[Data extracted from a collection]

= = =

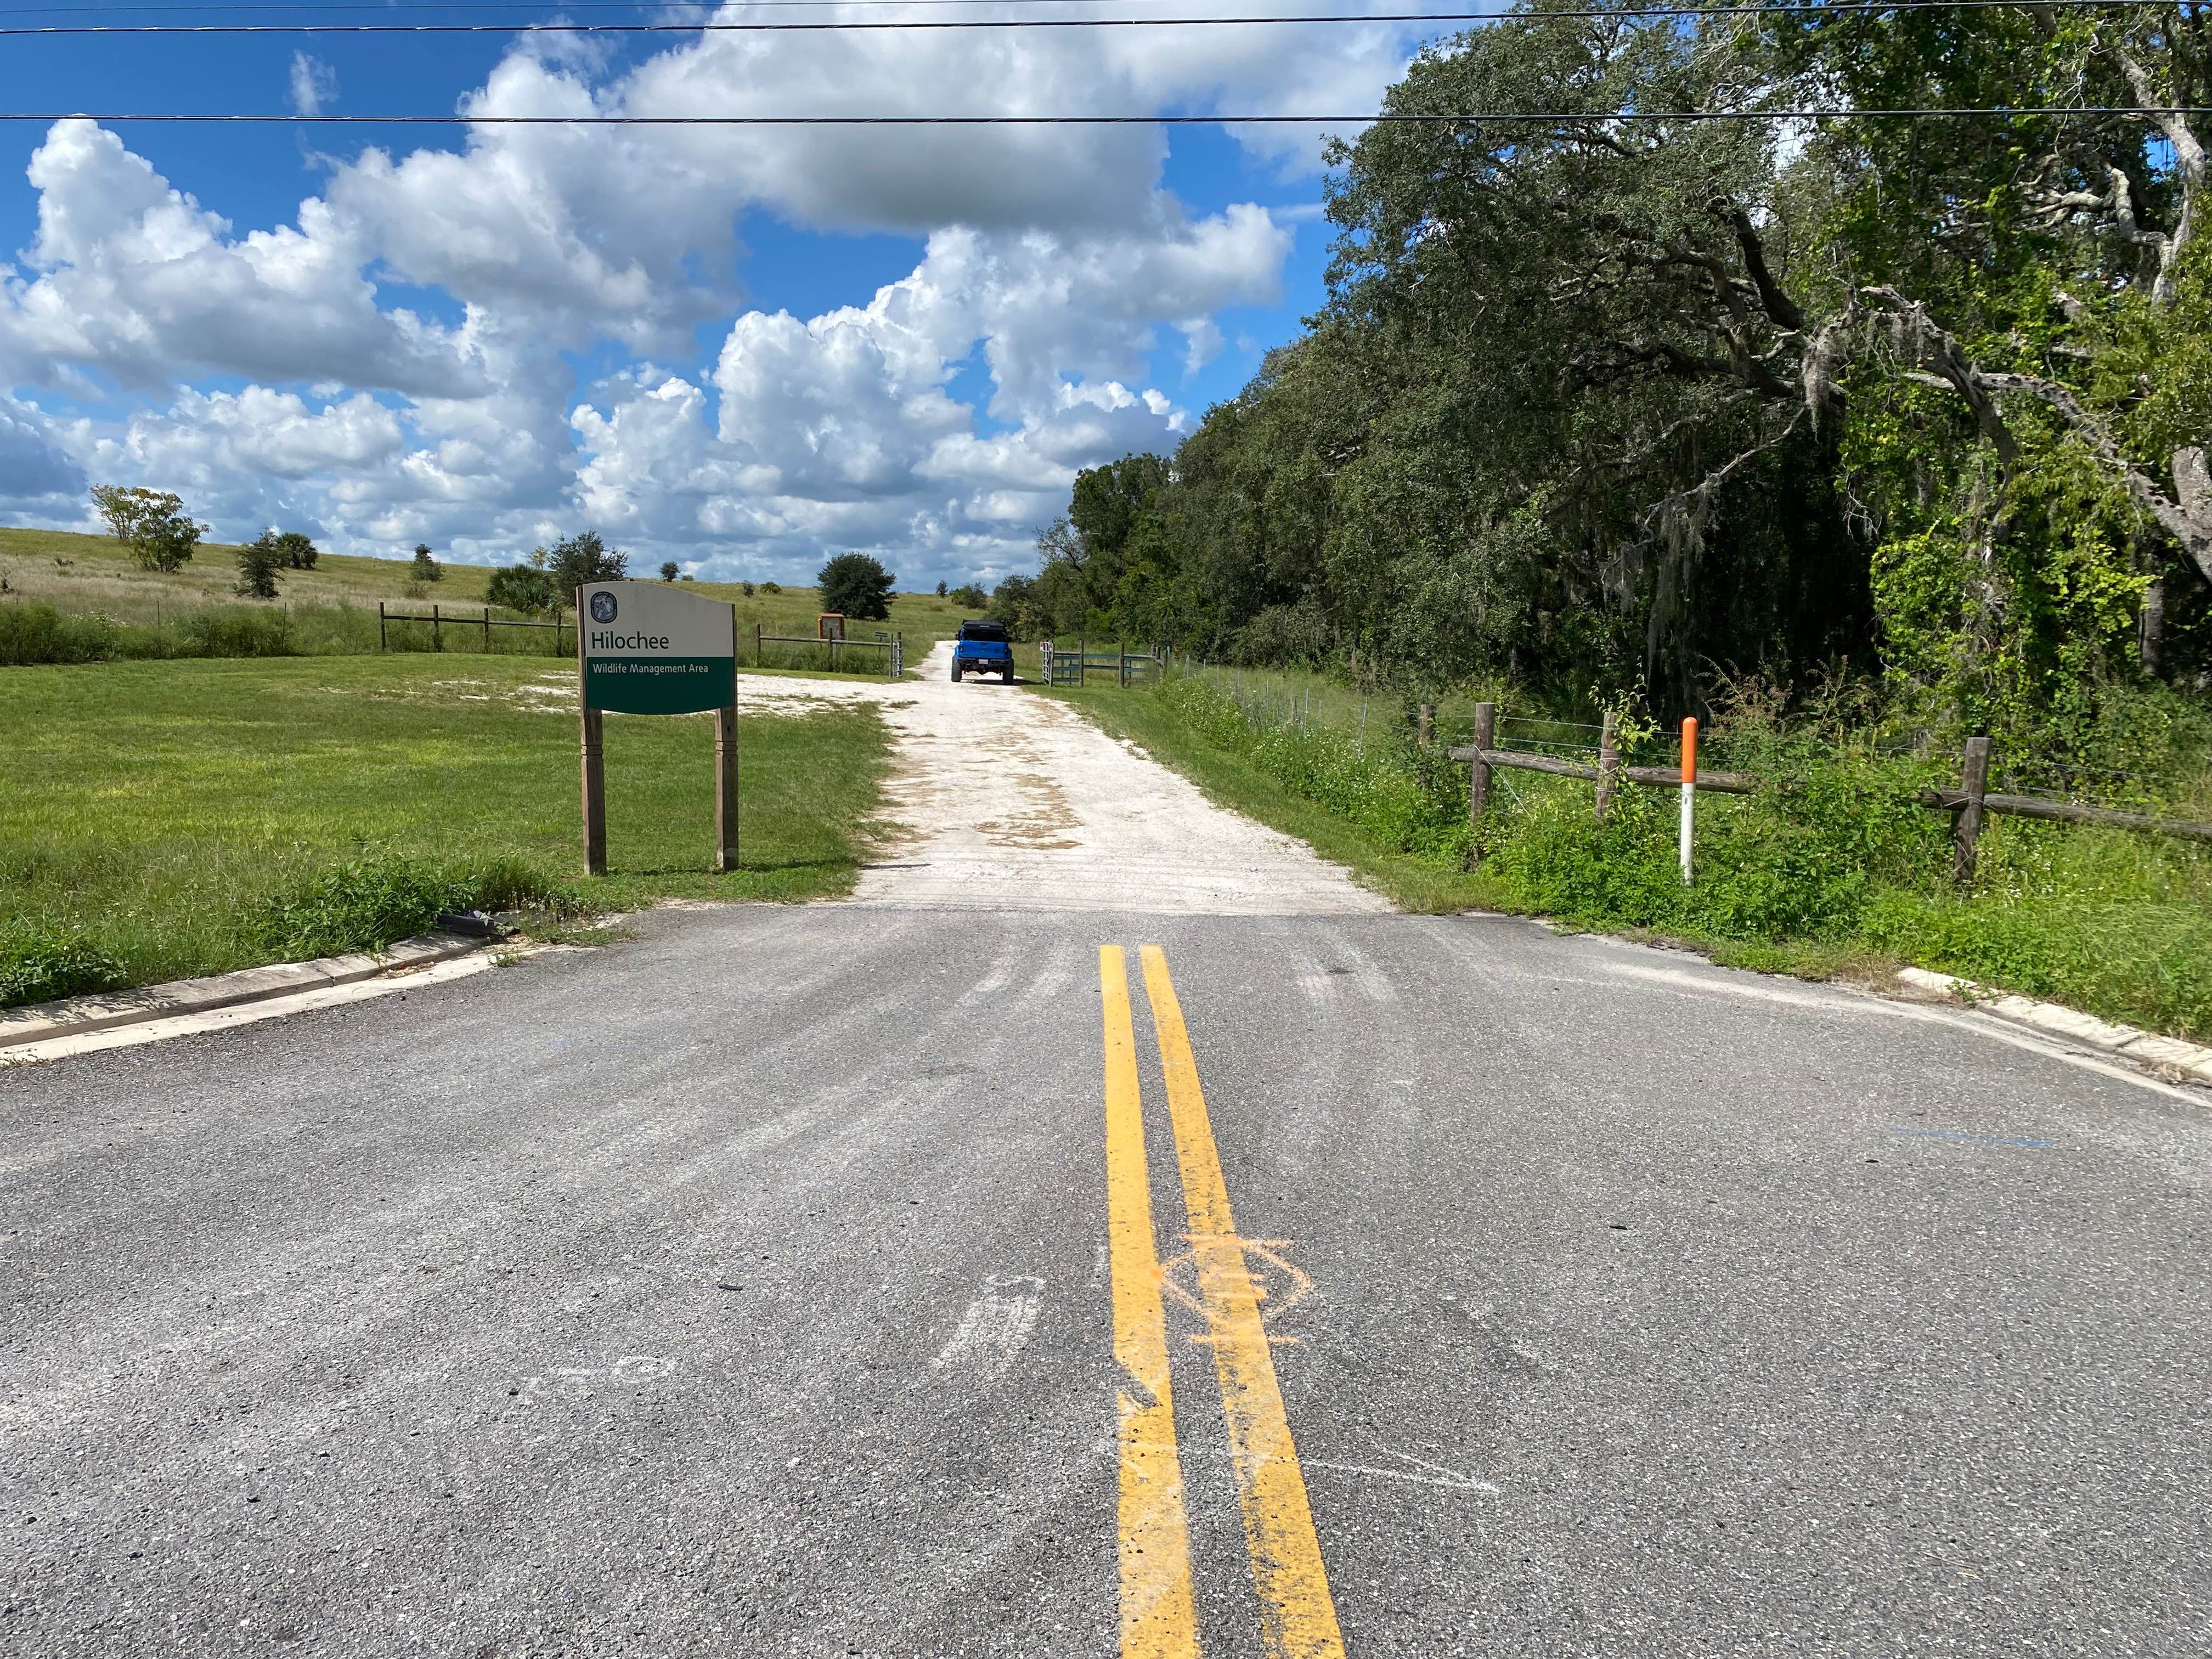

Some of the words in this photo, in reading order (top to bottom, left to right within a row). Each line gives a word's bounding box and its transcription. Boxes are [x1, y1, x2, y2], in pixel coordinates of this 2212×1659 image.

[591, 631, 669, 650] Hilochee
[592, 663, 627, 673] Wildlife
[629, 664, 686, 675] Management
[689, 664, 708, 673] Area

= = =

◆ **EXERCISE**
The entries are to be printed exactly as written; the pictures are to be left out.

◆ **WRITTEN SOLUTION**
Some of the words in this photo, in reading order (top to bottom, left to right within a row). Each line gives a word's bounding box and its transcription. Boxes are [x1, y1, x2, y2], in pixel coordinates of this 2212×1659 image.

[591, 631, 669, 650] Hilochee
[592, 663, 627, 673] Wildlife
[629, 664, 686, 675] Management
[689, 664, 708, 673] Area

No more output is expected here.